Every government since the 1950s has taken power based on less than 50% of the popular vote. None has won majority public support at the ballot box. In the 2005 election, Labour won 35% of the vote but bagged 55% of the seats. Of eligible voters, only 22% voted Labour. Yet with the support of only one-fifth of the electorate Labour won a 66-seat majority. This is not democracy. It echoes the gerrymanderingi and ballot-rigging of two centuries ago, which galvanised the Chartists to campaign for a democratic, representative parliament. The electoral process is "rigged". In 2005, if you total all the votes cast for the main parties, it took an average 26,906 votes to elect a Labour MP, 44,373 to elect a Tory MP and 96,539 votes to elect a Lib Dem MP. Not since the rotten boroughs of the 18th century have elections been so corrupt. This democratic deficit is a direct result of the first-past-the-post (FPTP) system, which allows the election of MPs and governments with minority support. FPTP enabled Margaret Thatcher and Tony Blair to win landslide majorities based on popular votes of only 35% to 44%. FPTP has resulted not in ‘strong, stable government’, but in bad, divisive, unpopular, unrepresentative government, set against the backdrop of an angry, anti-political, even apolitical, climate, in which the will of the majority is ignored, and anyone left of centre has no major party to vote for.

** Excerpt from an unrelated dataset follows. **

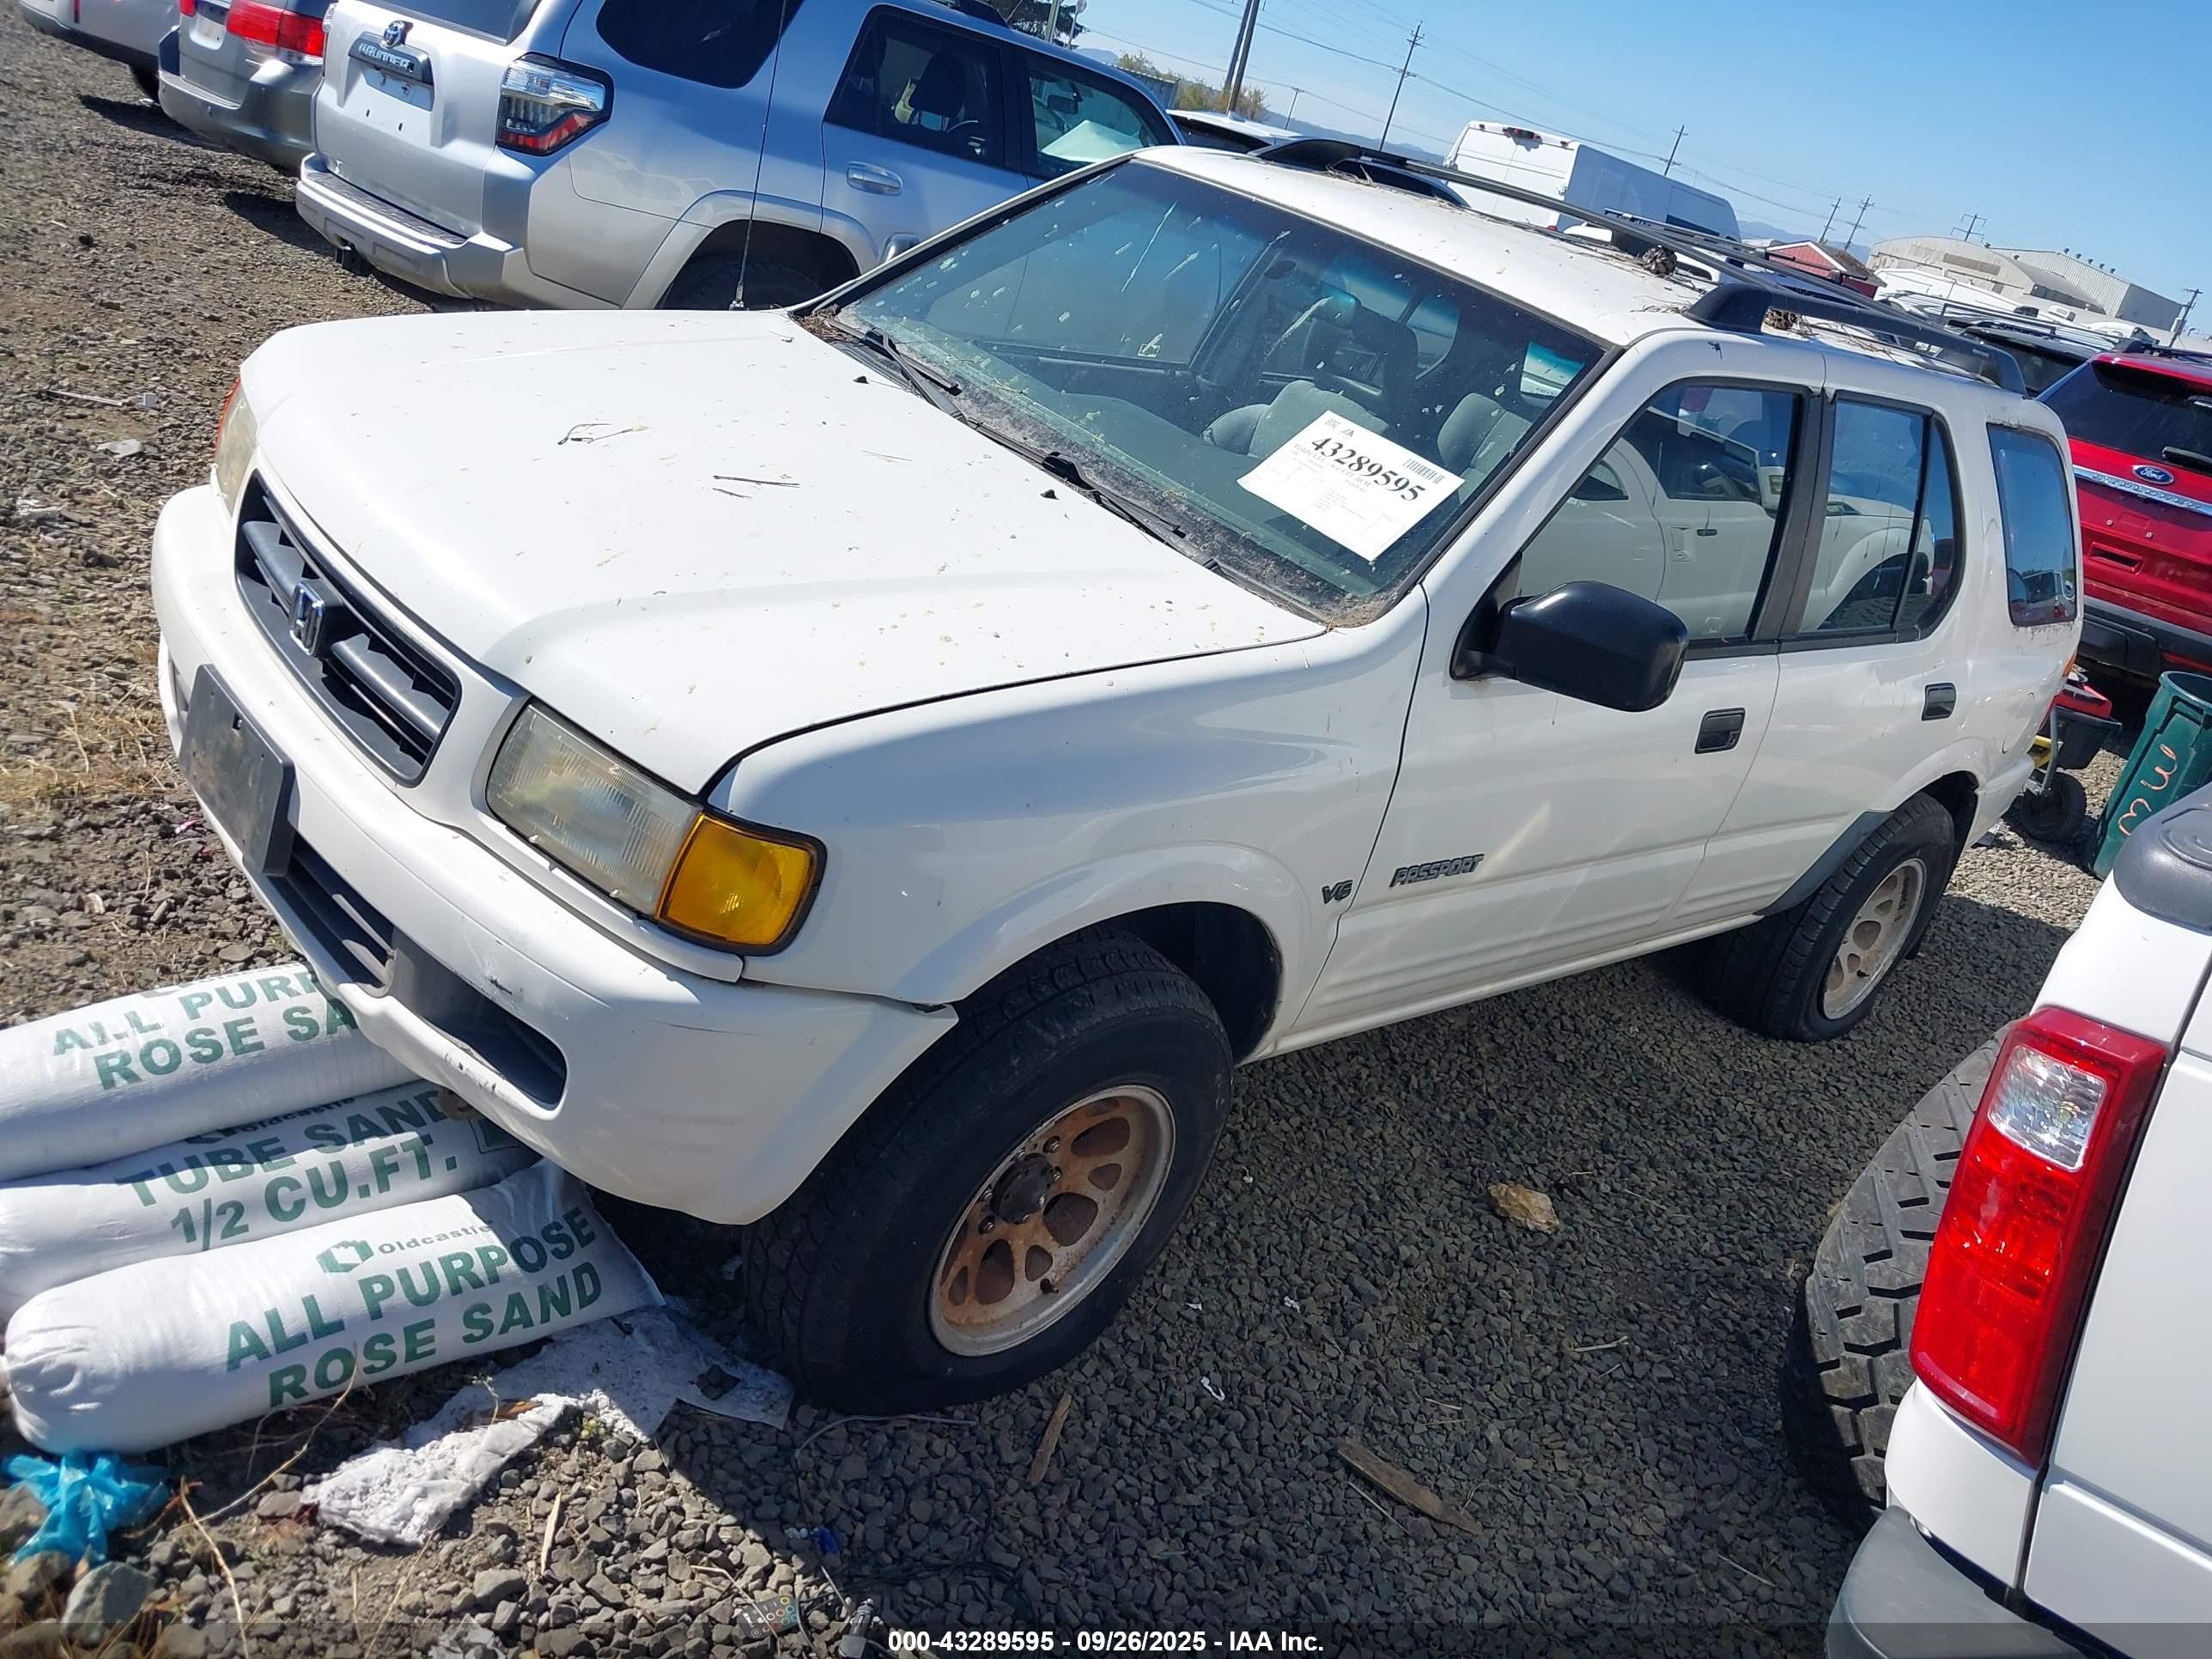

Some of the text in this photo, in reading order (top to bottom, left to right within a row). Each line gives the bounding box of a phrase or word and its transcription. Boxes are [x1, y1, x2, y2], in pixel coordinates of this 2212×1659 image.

So what should we do? We as in the electorate. We need to take power back from the undemocratic party's by forcing them to adopt a voting system that works for us and not just for the two big party's. Politicians need to represent us, not just their own best interests. I think that proportional representation is one of the better options open to us.

Proportional Representation. An electoral system in which parties gain seats in proportion to the number of votes cast for them. Proportional systems protect against bad, unrepresentative public policy, and ensure that the wishes of all voters – not just those in marginal constituencies – are taken into account.

iIn the process of setting electoral districts, gerrymandering is a practice intended to establish a political advantage for a particular party or group by manipulating district boundaries. The resulting district is known as a gerrymander, however, that word can also refer to the process. The term gerrymandering has negative connotations.